* _Input data_:
**********

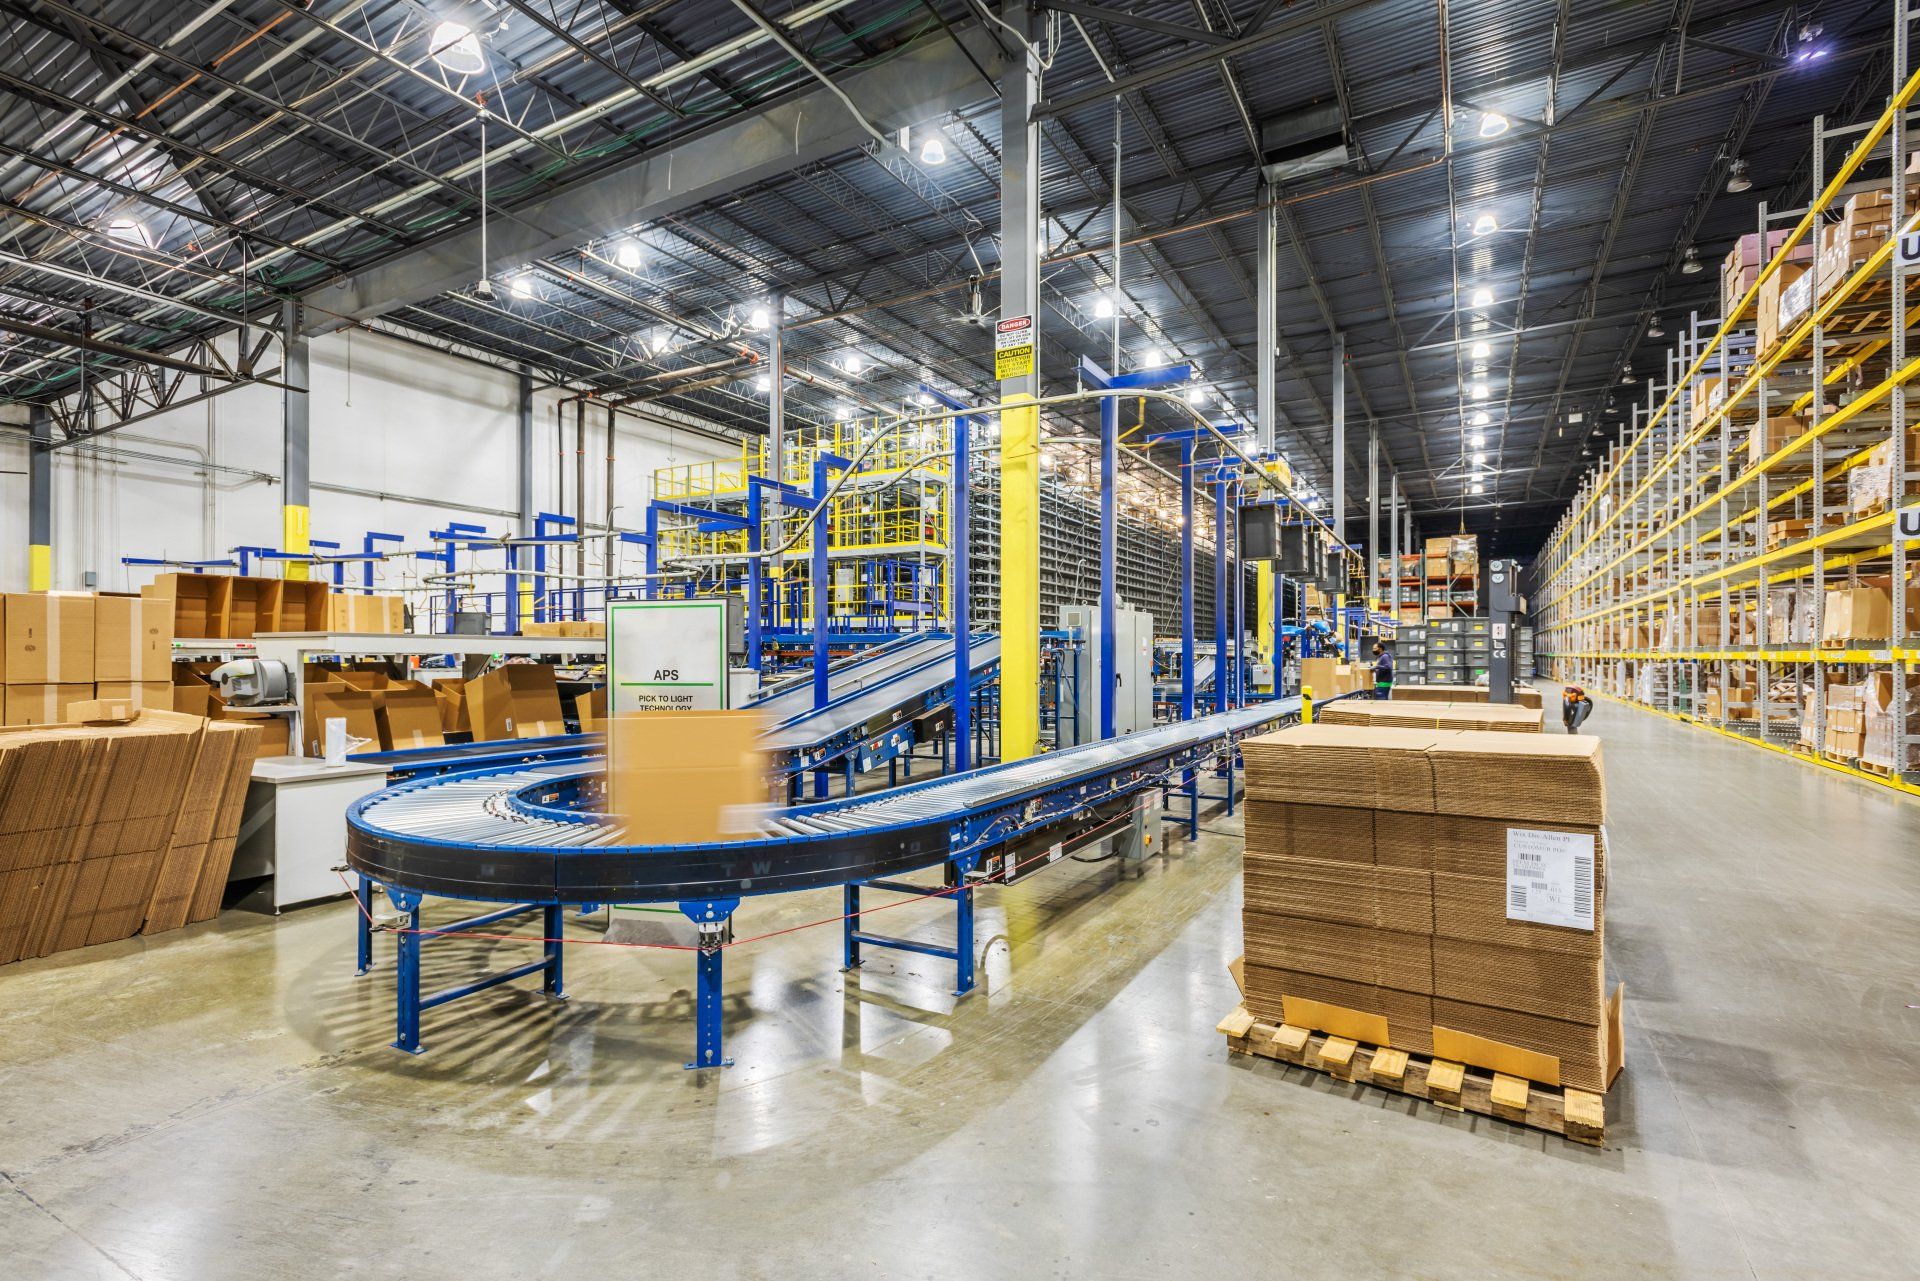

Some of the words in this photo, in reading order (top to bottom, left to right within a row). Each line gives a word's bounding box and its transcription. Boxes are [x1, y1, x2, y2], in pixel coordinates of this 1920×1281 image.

[1001, 320, 1027, 330] DANGER
[999, 347, 1030, 358] CAUTION
[998, 355, 1030, 364] CONVEYOR
[1000, 365, 1028, 373] WITHOUT
[1900, 513, 1920, 536] U
[654, 670, 679, 680] APS
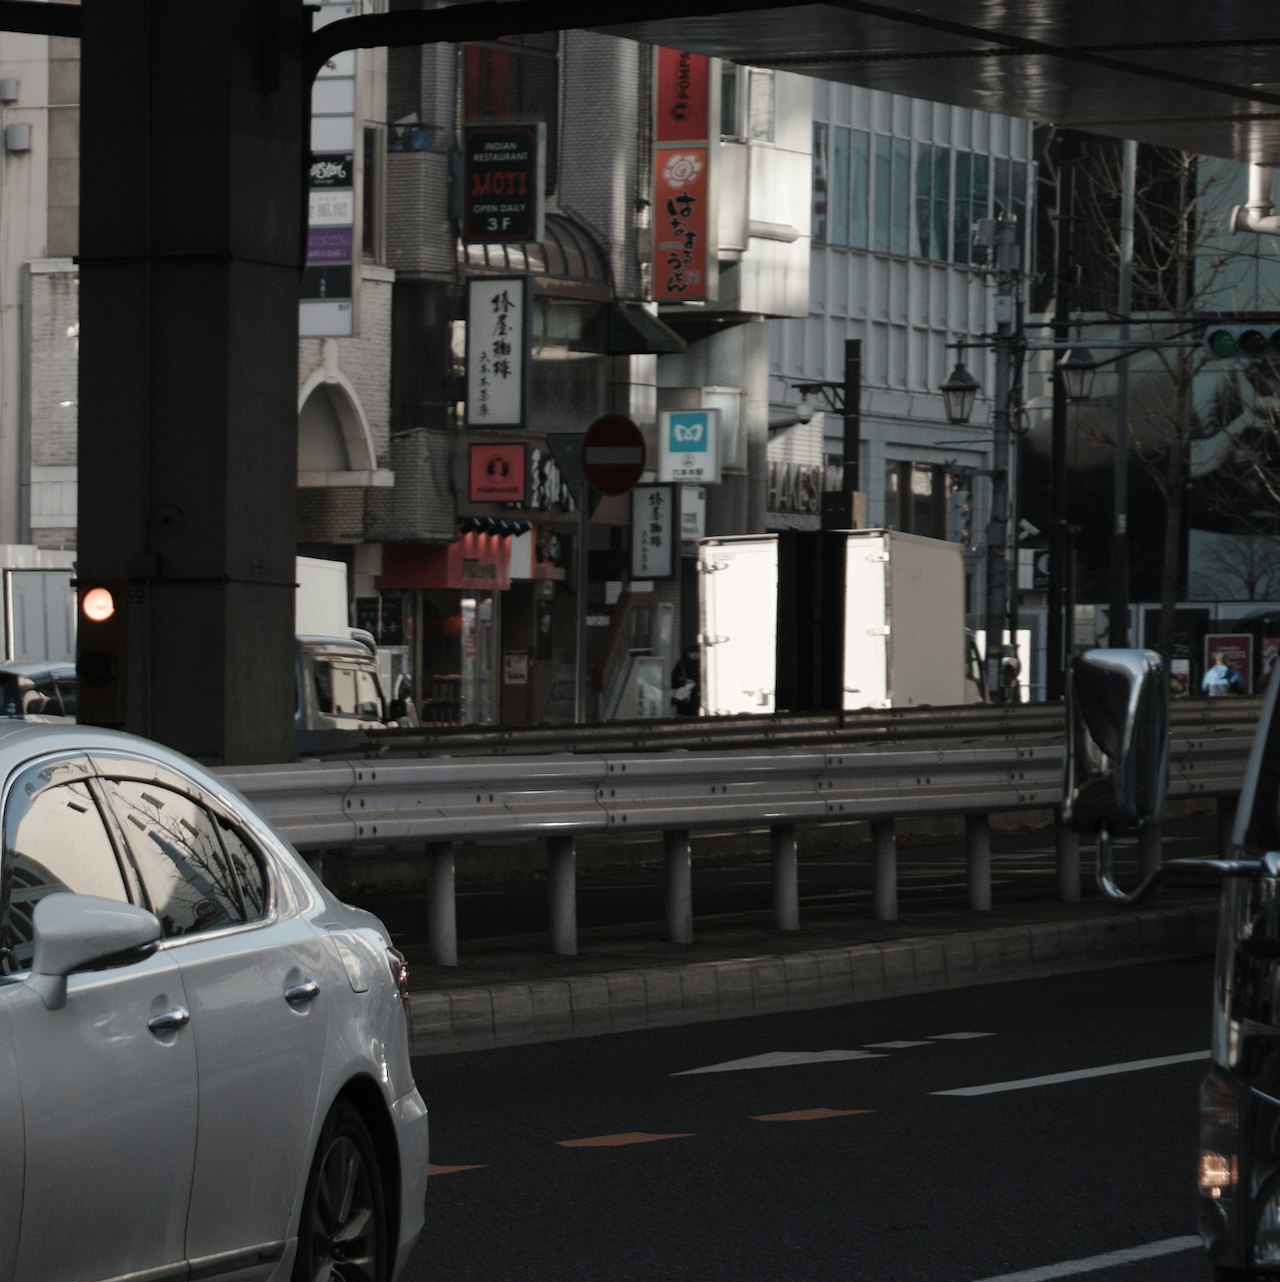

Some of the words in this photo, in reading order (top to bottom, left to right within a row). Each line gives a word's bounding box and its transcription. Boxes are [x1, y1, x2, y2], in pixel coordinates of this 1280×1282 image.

[484, 141, 517, 151] INDIAN
[473, 151, 528, 161] RESTAURANT
[471, 170, 529, 198] MOTI
[473, 204, 498, 214] OPEN
[500, 203, 527, 213] DAILY
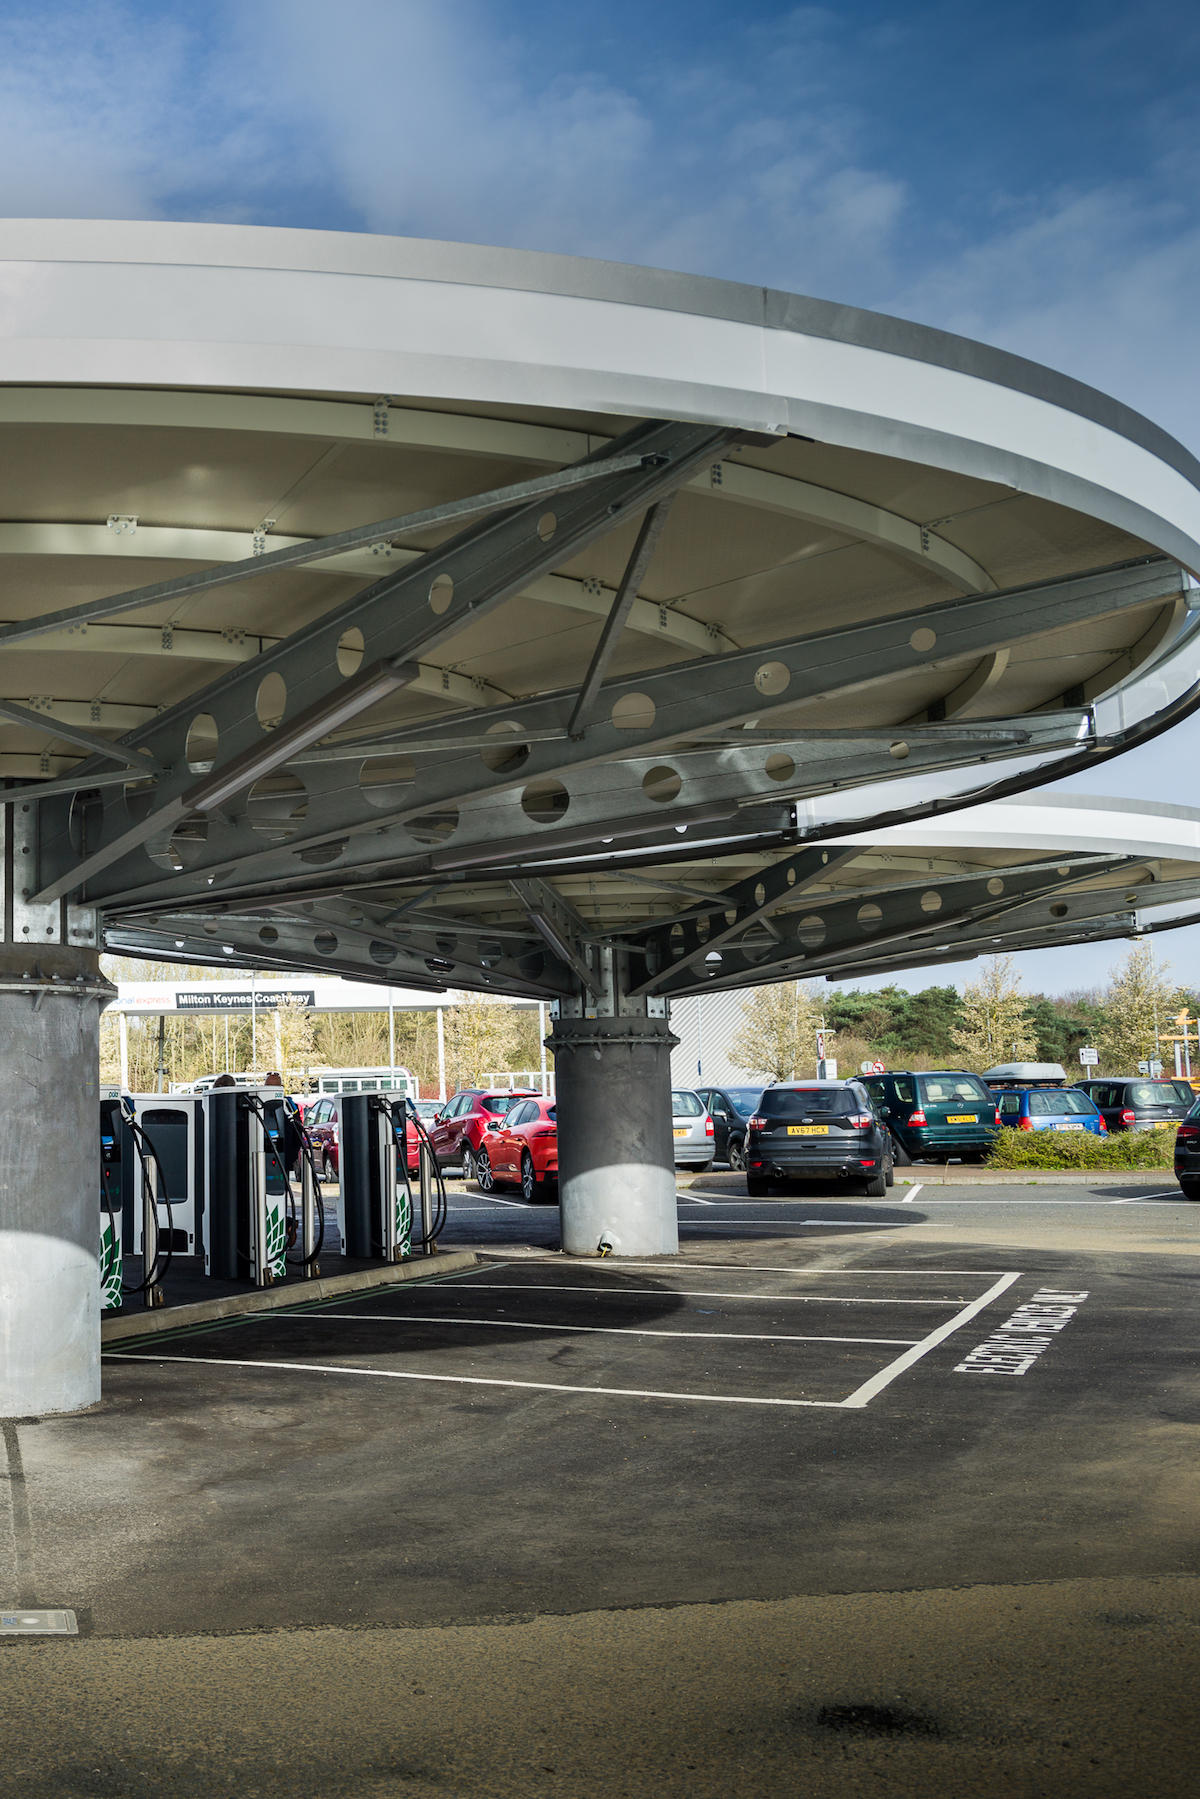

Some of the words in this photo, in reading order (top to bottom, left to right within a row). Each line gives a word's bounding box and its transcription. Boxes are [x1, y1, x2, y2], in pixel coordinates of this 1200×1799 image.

[178, 994, 211, 1004] Milton
[213, 994, 253, 1006] Keynes
[790, 1126, 810, 1134] AV67
[812, 1126, 826, 1134] HCX

**********

Your task is a word-for-word transcription of the entries, leaving out all pictures.

* _Answer for this exercise_:
Some of the words in this photo, in reading order (top to bottom, left to right within a row). Each line gives a word's bounding box and its transcription. Boxes are [x1, y1, x2, y2], in pixel coordinates of this 1920×1281 image.

[1001, 320, 1027, 330] DANGER
[999, 347, 1030, 358] CAUTION
[998, 355, 1030, 364] CONVEYOR
[1000, 365, 1028, 373] WITHOUT
[1900, 513, 1920, 536] U
[654, 670, 679, 680] APS

Some of the words in this photo, in reading order (top to bottom, left to right within a row). Each line gives a word's bounding box and its transcription. Boxes are [x1, y1, x2, y2], in pixel coordinates of this 1280×1282 image.

[484, 141, 517, 151] INDIAN
[473, 151, 528, 161] RESTAURANT
[471, 170, 529, 198] MOTI
[473, 204, 498, 214] OPEN
[500, 203, 527, 213] DAILY

Some of the words in this photo, in reading order (top to bottom, left to right within a row). Each line gives a word's bounding box and its transcription. Boxes are [x1, y1, x2, y2], in pixel coordinates of this 1200×1799 image.

[178, 994, 211, 1004] Milton
[213, 994, 253, 1006] Keynes
[790, 1126, 810, 1134] AV67
[812, 1126, 826, 1134] HCX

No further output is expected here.